■ **Action item**
When you restate the records, do so word for word and omit any picture they contain.

(Saved entries)
****************************************

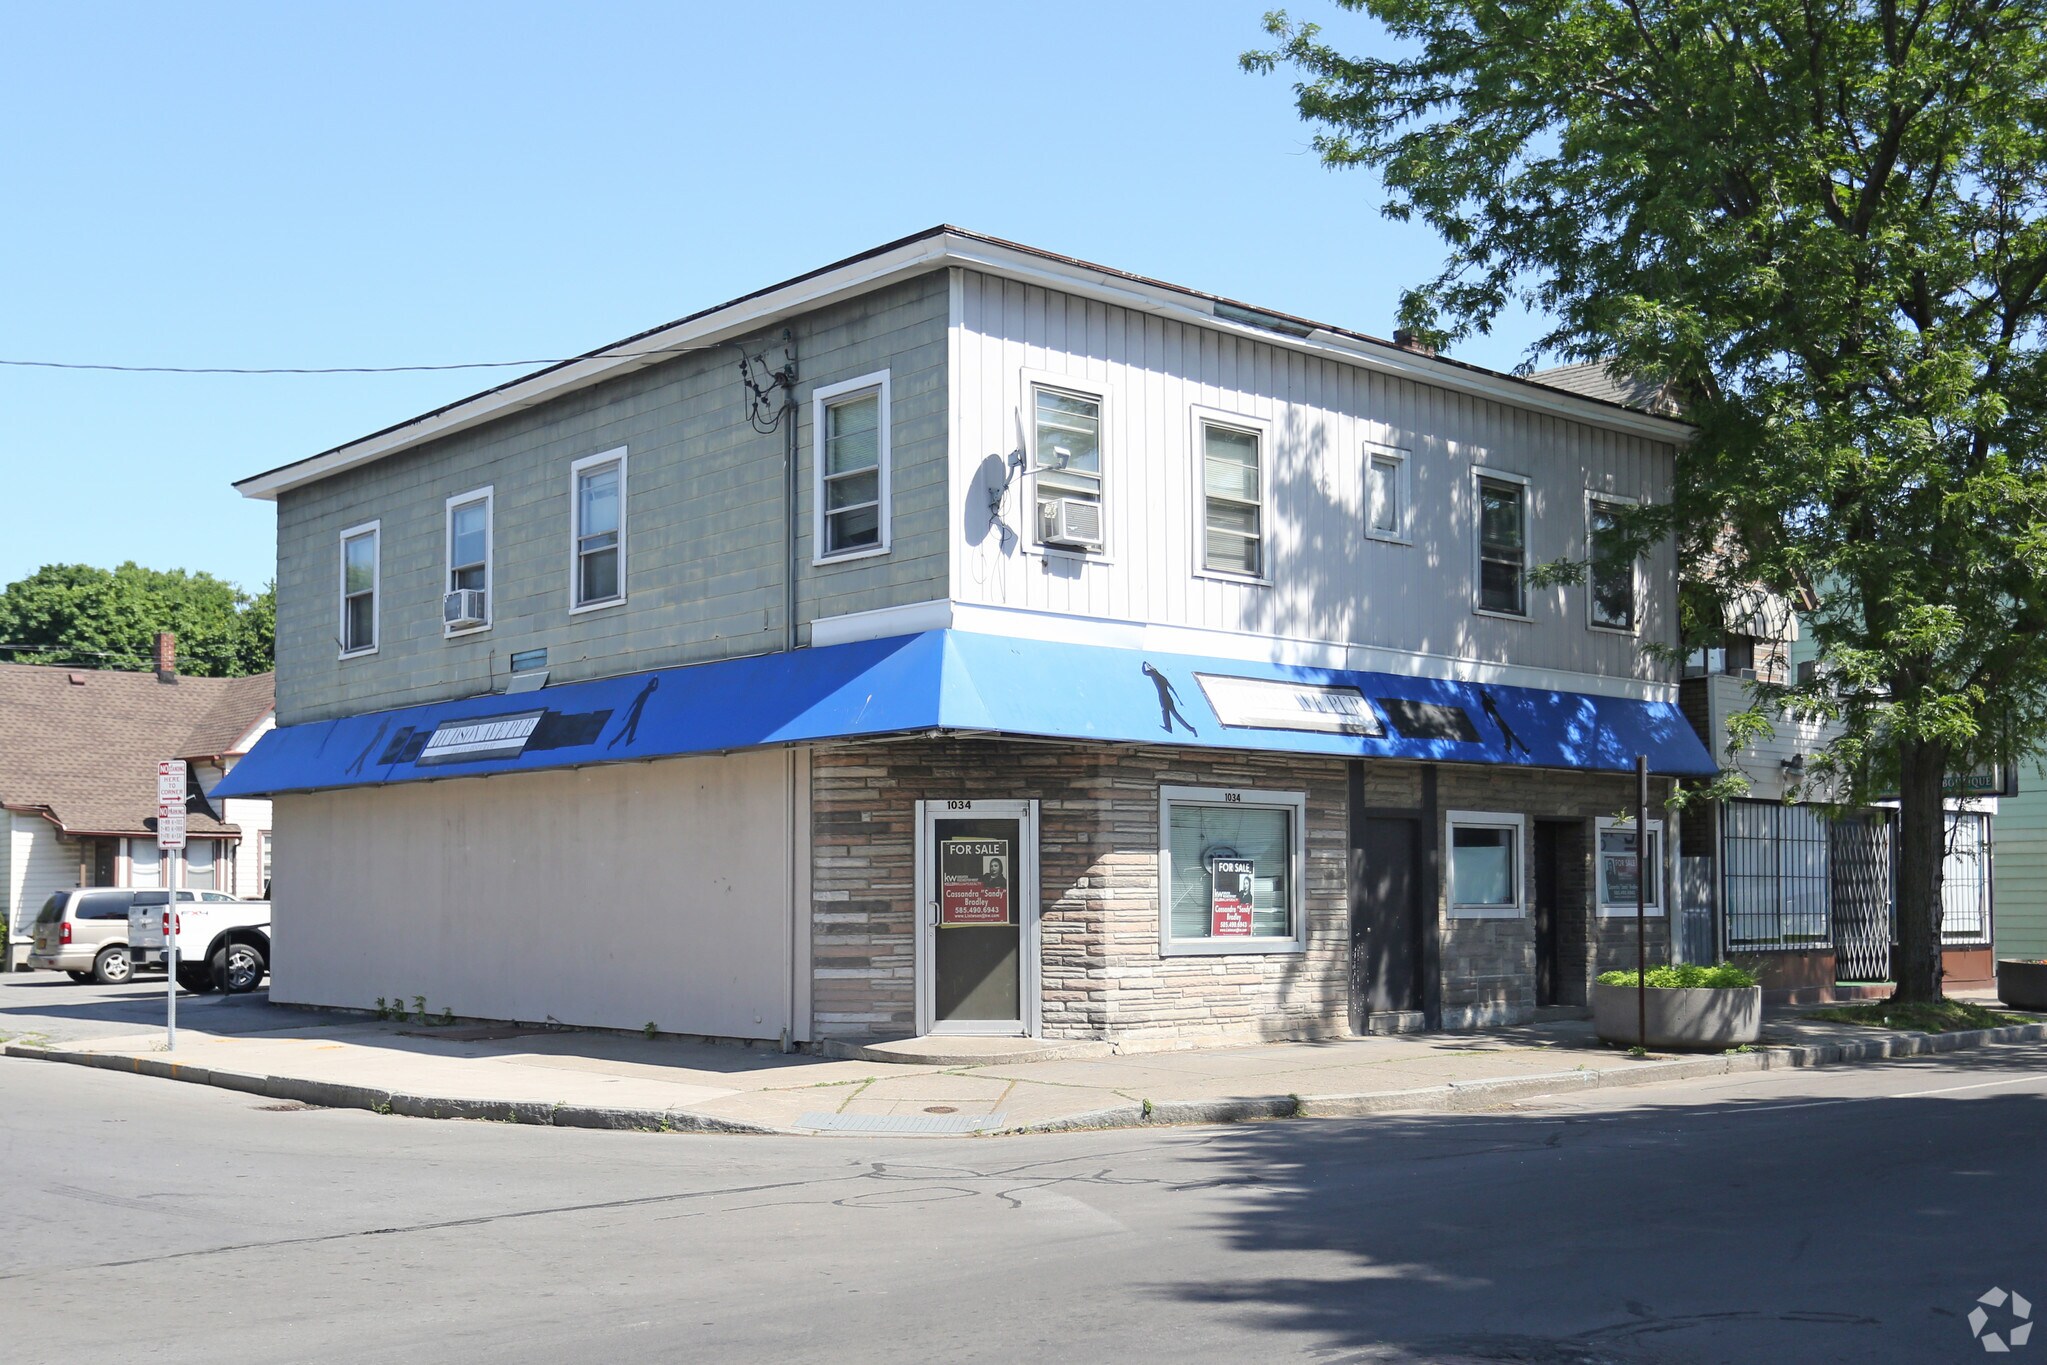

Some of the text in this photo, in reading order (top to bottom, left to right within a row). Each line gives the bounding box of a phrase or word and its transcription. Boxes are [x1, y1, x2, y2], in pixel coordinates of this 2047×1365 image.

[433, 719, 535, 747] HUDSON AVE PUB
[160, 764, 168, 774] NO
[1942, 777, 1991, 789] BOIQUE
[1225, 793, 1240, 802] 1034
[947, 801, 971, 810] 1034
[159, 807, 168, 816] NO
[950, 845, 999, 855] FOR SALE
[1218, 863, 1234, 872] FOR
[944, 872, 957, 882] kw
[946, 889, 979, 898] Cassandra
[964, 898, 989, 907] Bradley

****************************************

■ **Output**
Some of the text in this photo, in reading order (top to bottom, left to right within a row). Each line gives the bounding box of a phrase or word and its transcription. Boxes are [x1, y1, x2, y2], in pixel coordinates of this 2047×1365 image.

[433, 719, 535, 747] HUDSON AVE PUB
[160, 764, 168, 774] NO
[1942, 777, 1991, 789] BOIQUE
[1225, 793, 1240, 802] 1034
[947, 801, 971, 810] 1034
[159, 807, 168, 816] NO
[950, 845, 999, 855] FOR SALE
[1218, 863, 1234, 872] FOR
[944, 872, 957, 882] kw
[946, 889, 979, 898] Cassandra
[964, 898, 989, 907] Bradley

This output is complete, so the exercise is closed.